**Your goal:** Reproduce nothing but the lines from the one with "this 2352×1568 image." down to the last line of the data below.

**Records for this task:**
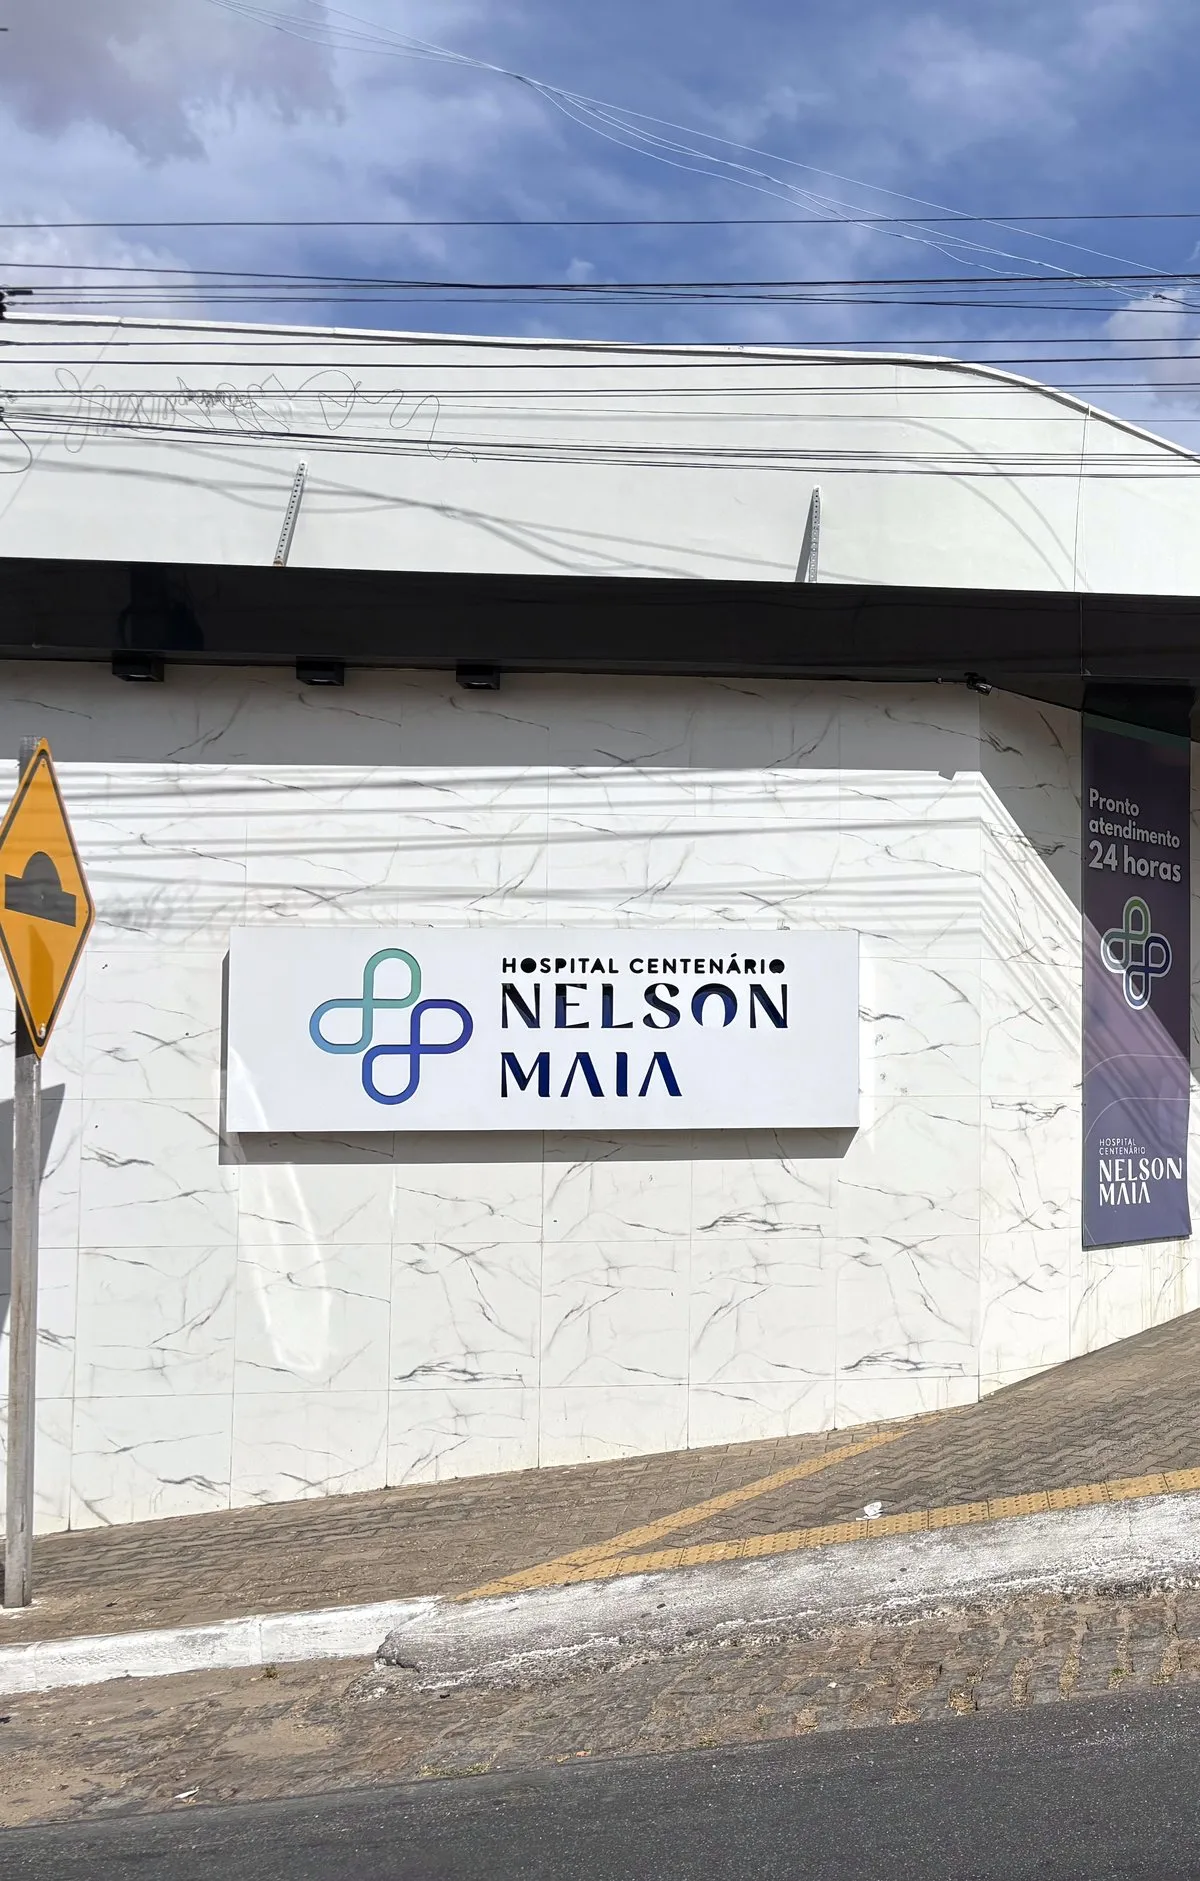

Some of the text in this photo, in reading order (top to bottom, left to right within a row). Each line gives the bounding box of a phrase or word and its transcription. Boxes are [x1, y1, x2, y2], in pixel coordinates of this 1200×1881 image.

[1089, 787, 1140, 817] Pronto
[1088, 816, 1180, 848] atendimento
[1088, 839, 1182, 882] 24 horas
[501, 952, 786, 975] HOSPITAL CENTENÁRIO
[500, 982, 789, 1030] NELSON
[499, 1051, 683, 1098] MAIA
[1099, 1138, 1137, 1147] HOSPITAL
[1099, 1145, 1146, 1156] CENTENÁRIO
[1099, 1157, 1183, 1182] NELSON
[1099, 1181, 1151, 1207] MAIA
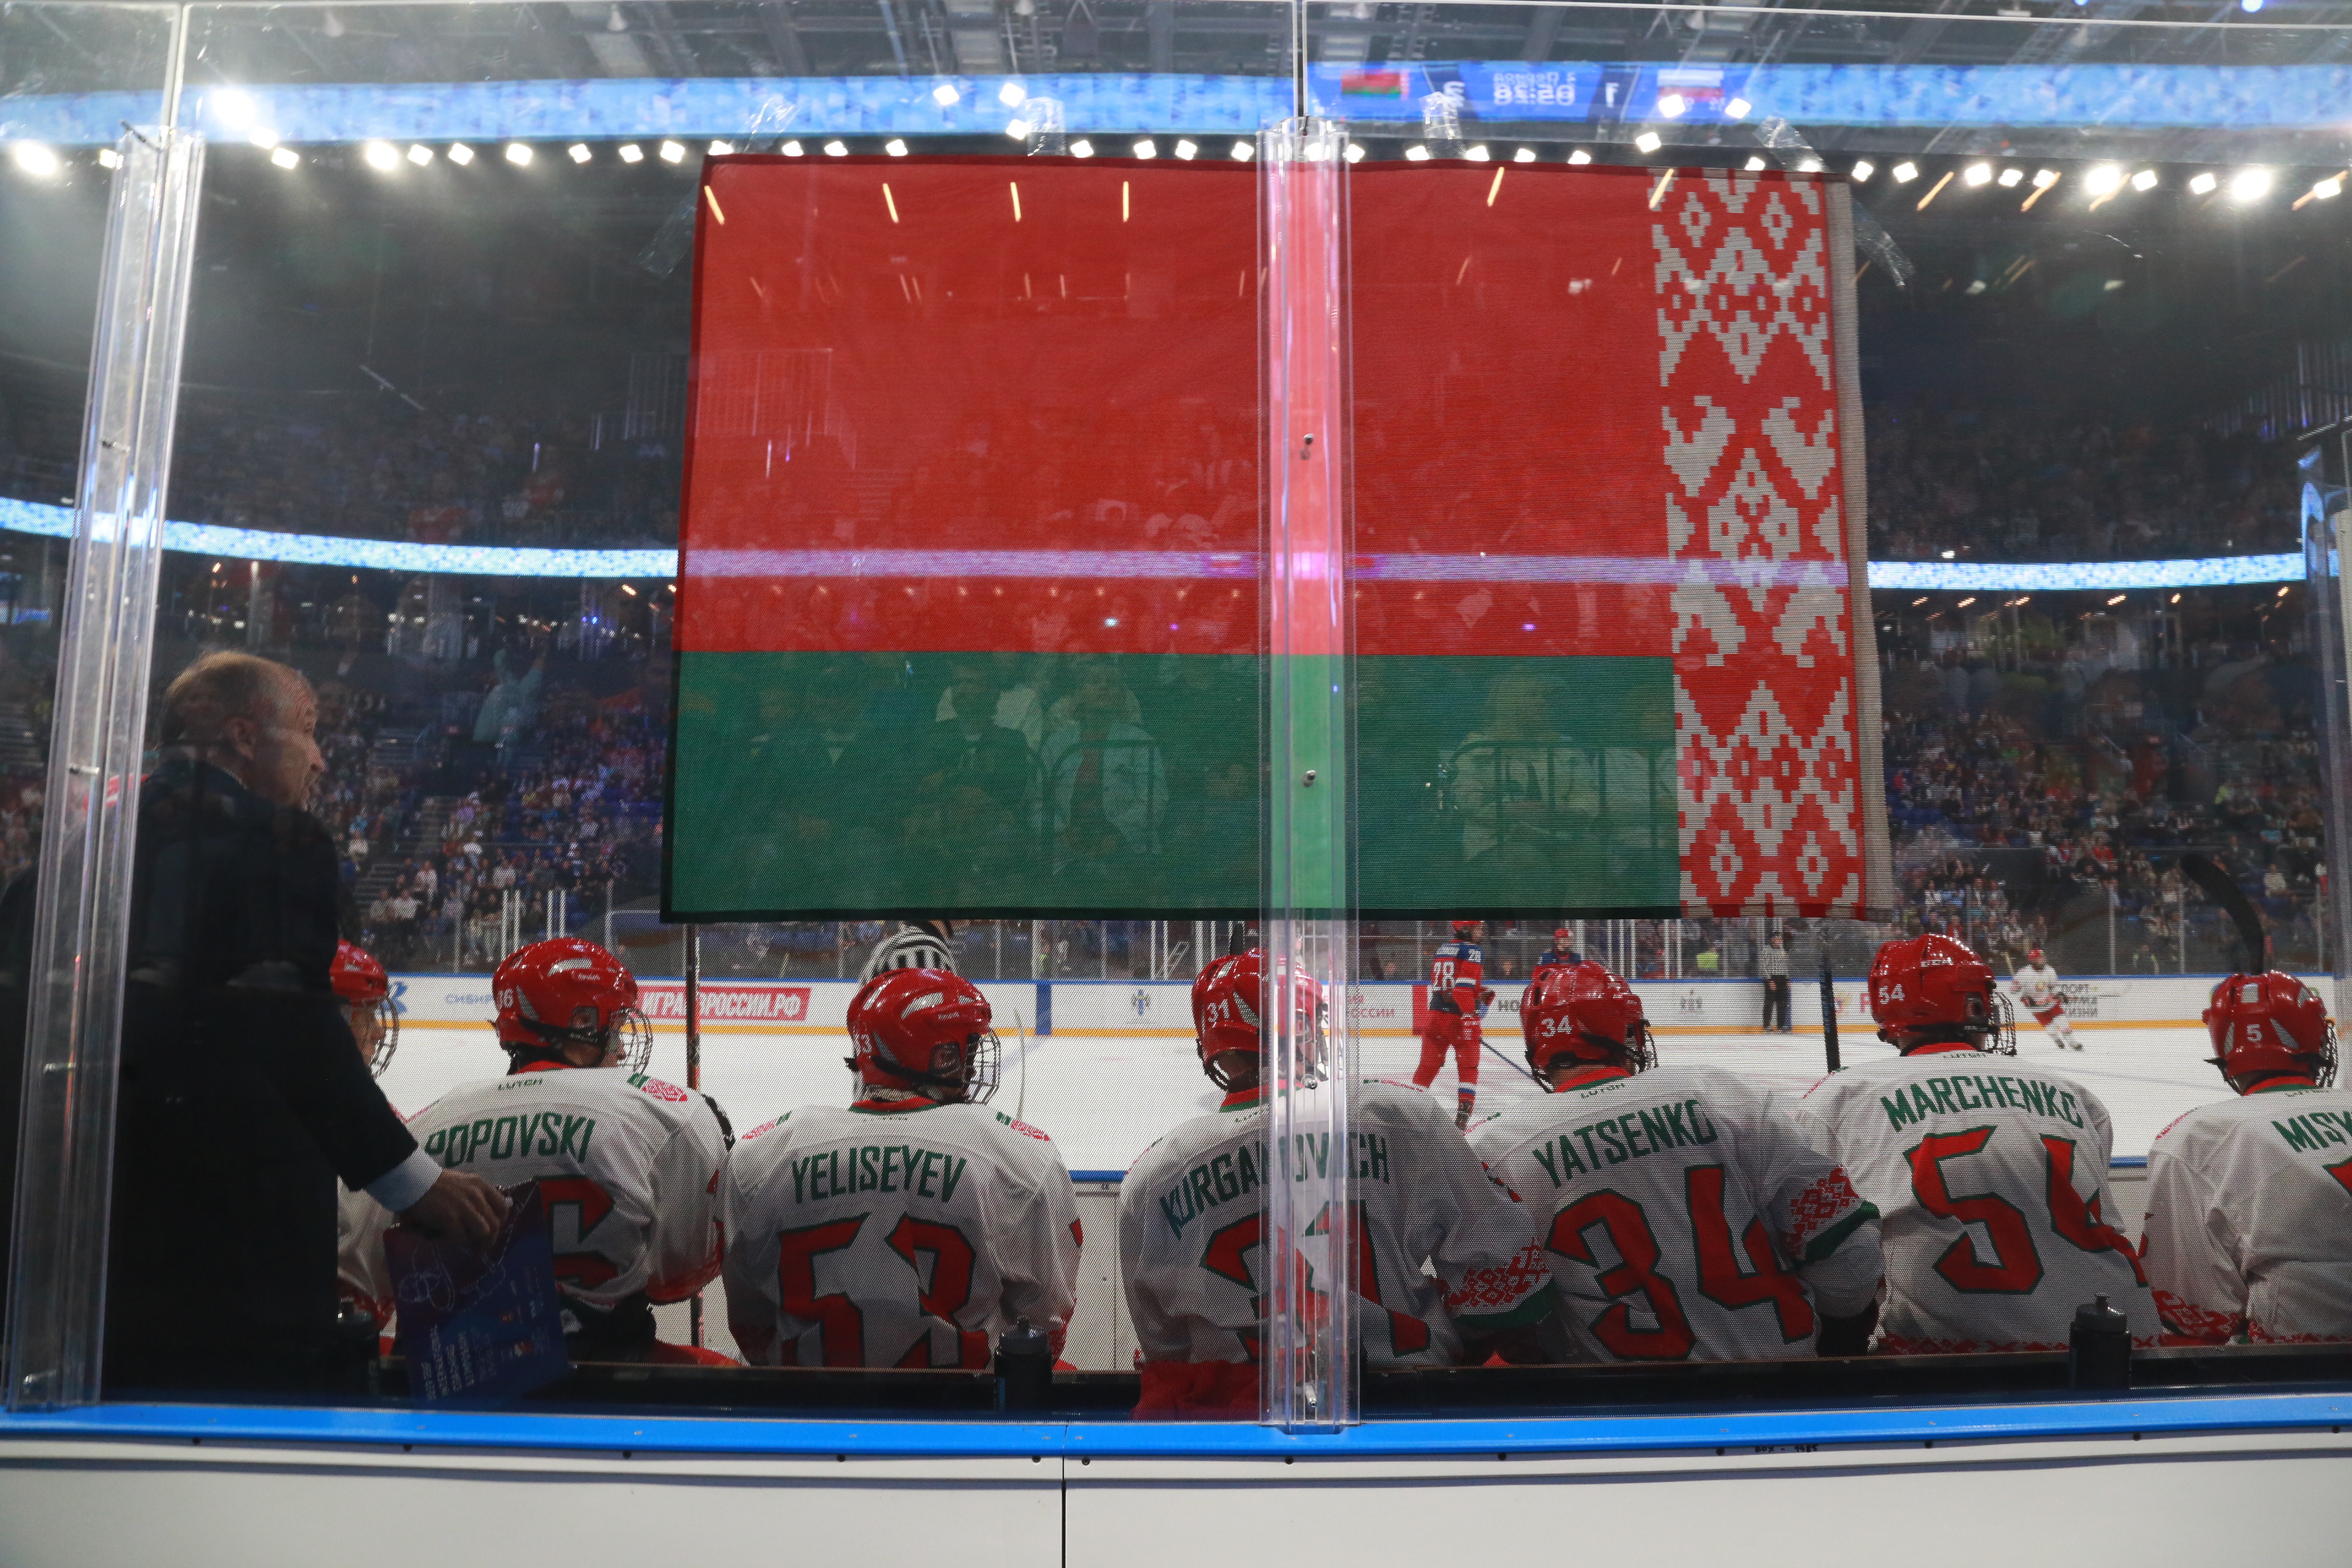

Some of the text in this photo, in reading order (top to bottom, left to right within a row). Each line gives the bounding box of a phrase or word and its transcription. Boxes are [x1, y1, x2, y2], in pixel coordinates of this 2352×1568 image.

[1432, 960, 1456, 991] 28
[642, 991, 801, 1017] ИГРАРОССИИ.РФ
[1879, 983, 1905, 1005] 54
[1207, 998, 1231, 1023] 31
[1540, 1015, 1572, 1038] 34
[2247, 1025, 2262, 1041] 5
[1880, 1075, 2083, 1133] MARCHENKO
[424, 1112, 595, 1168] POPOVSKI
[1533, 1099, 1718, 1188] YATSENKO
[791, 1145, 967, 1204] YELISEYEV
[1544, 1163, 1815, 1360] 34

**Reply:**
Some of the text in this photo, in reading order (top to bottom, left to right within a row). Each line gives the bounding box of a phrase or word and its transcription. Boxes are [x1, y1, x2, y2], in pixel coordinates of this 2352×1568 image.

[1432, 960, 1456, 991] 28
[642, 991, 801, 1017] ИГРАРОССИИ.РФ
[1879, 983, 1905, 1005] 54
[1207, 998, 1231, 1023] 31
[1540, 1015, 1572, 1038] 34
[2247, 1025, 2262, 1041] 5
[1880, 1075, 2083, 1133] MARCHENKO
[424, 1112, 595, 1168] POPOVSKI
[1533, 1099, 1718, 1188] YATSENKO
[791, 1145, 967, 1204] YELISEYEV
[1544, 1163, 1815, 1360] 34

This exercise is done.